Der Chor steht zwei Wochen vor dem Konzert am 28. November, mir macht alles großen Spaß, weil ich die Musik gut kenne. Dann kann man das eigentliche Singen genießen. Tangoproben füllen die Wochenenden. Außerdem versuche ich Zeit für Mathieu zu finden. Dann spielen wir in den Kneipen Die Siedler von Catan, oder treffen uns Samstag früh zum Frühstück im Strandcafe. Letzteres wollte ich nach meinem Geburtstag unbedingt wieder machen; der lange Verzug zeigt, wie schwierig es ist füreinander Zeit zu finden.

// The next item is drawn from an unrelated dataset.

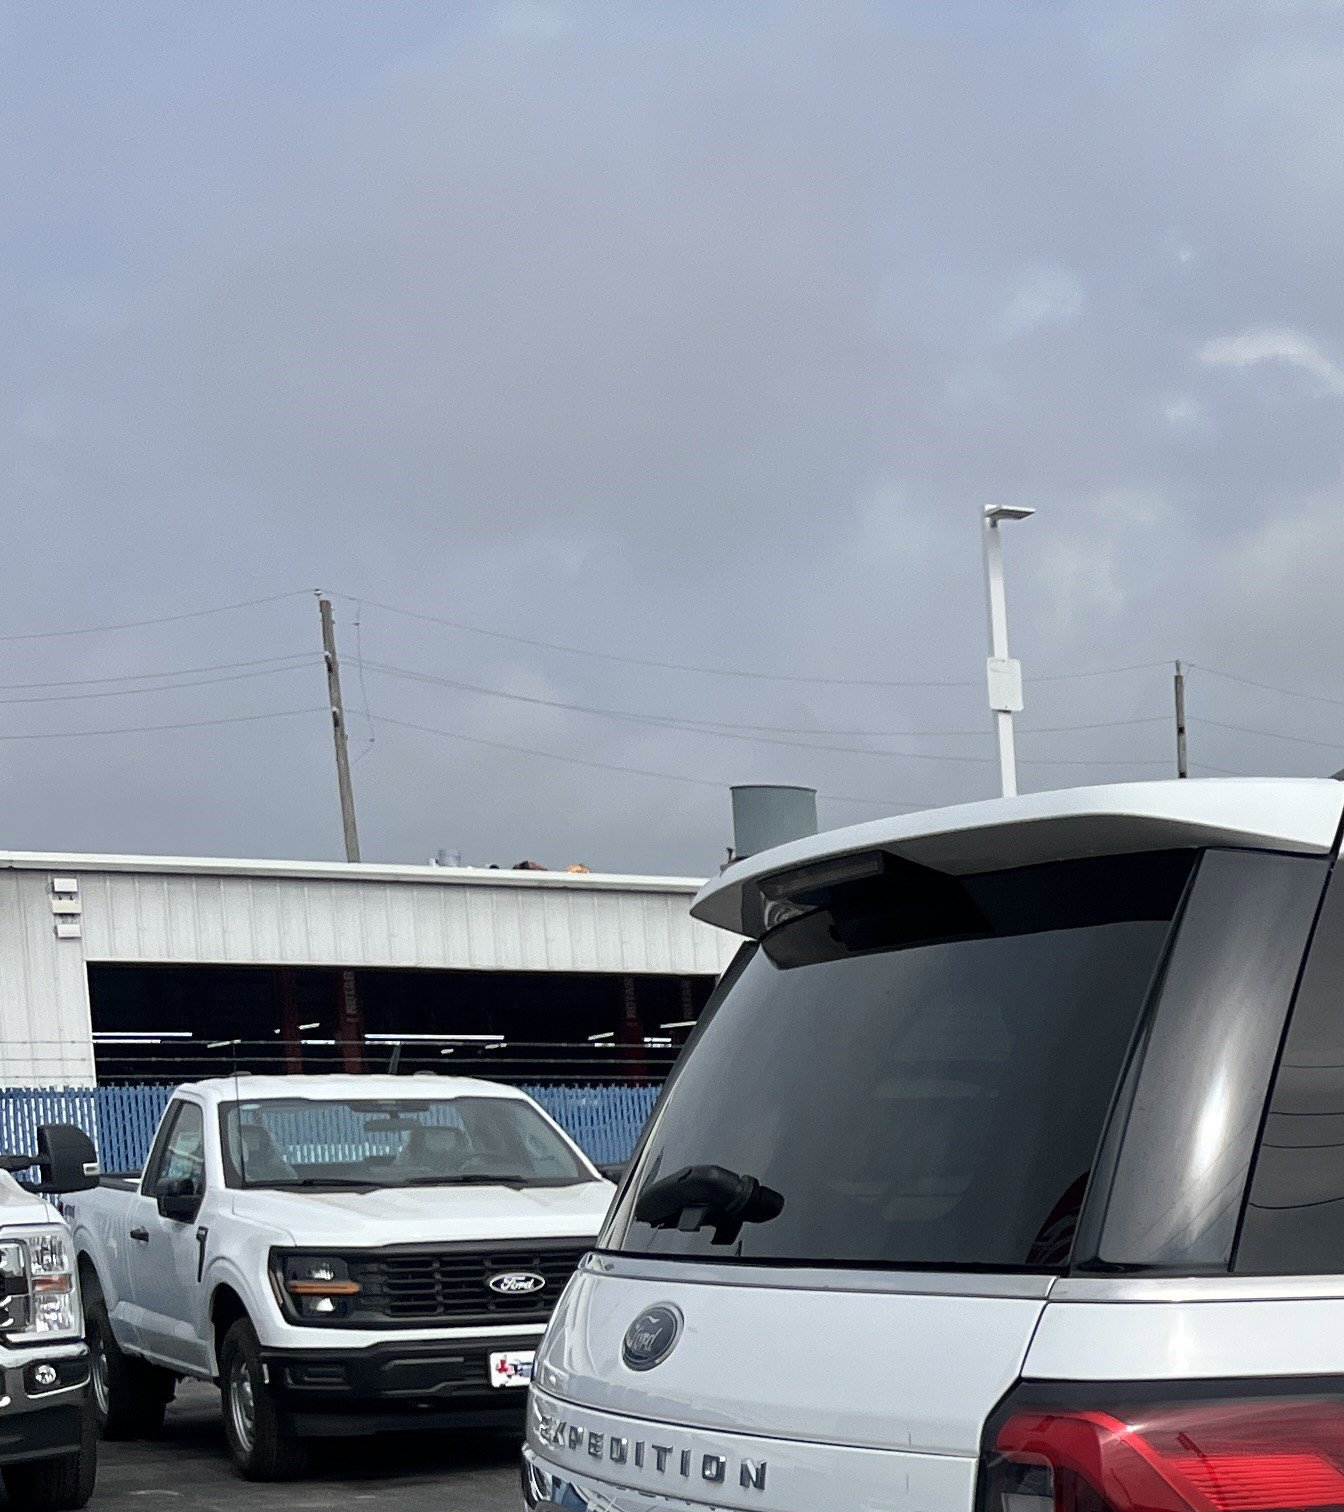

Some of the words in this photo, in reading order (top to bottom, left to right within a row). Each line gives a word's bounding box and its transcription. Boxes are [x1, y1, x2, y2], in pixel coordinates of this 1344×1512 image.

[500, 1275, 535, 1291] Ford
[627, 1315, 663, 1351] Ford
[541, 1416, 768, 1491] EXPEDITION

Davon abgesehen genieße ich zunehmend wieder Zeit allein. Als einmal alle weg oder beschäftigt waren, habe ich allein neue Wege zwischen Haus Stansted und der Hubertuskapelle erforscht. Das war ein feuchter, nebliger Tag, aber mir hat es richtig Freude gemacht, einmal wieder als richtiger Deutscher mit meinen festen Schuhen über schlammige Wege und feuchtes Herbstlaub zu laufen, ohne Karte. Mit Ellie ginge das nicht.
Insgesamt ist wie auch in Deutschland der Herbst bisher schön. Nach dem Sommer zumindest ein Trostpflaster. Vom dritten Stock meins Büros sehe ich oft die Sonne über Portsmouth aufgehen. Ob bei Sonne oder Wolken und Sturm sitze ich abends gerne noch in den Cafes am Strand.

Nachstehend Fotos von Kasias Besuch im Oktober.
Kasia und ich nach zweijähriger Trennung.

Kasias Mann Andreas und ich vor dem Tor zum Kathedralenhof von Salisbury.

Mondaufgang. Kreuzgang der Kathedrale in Salisbury.

Wer erkennts? Kasia im Haus Stansted.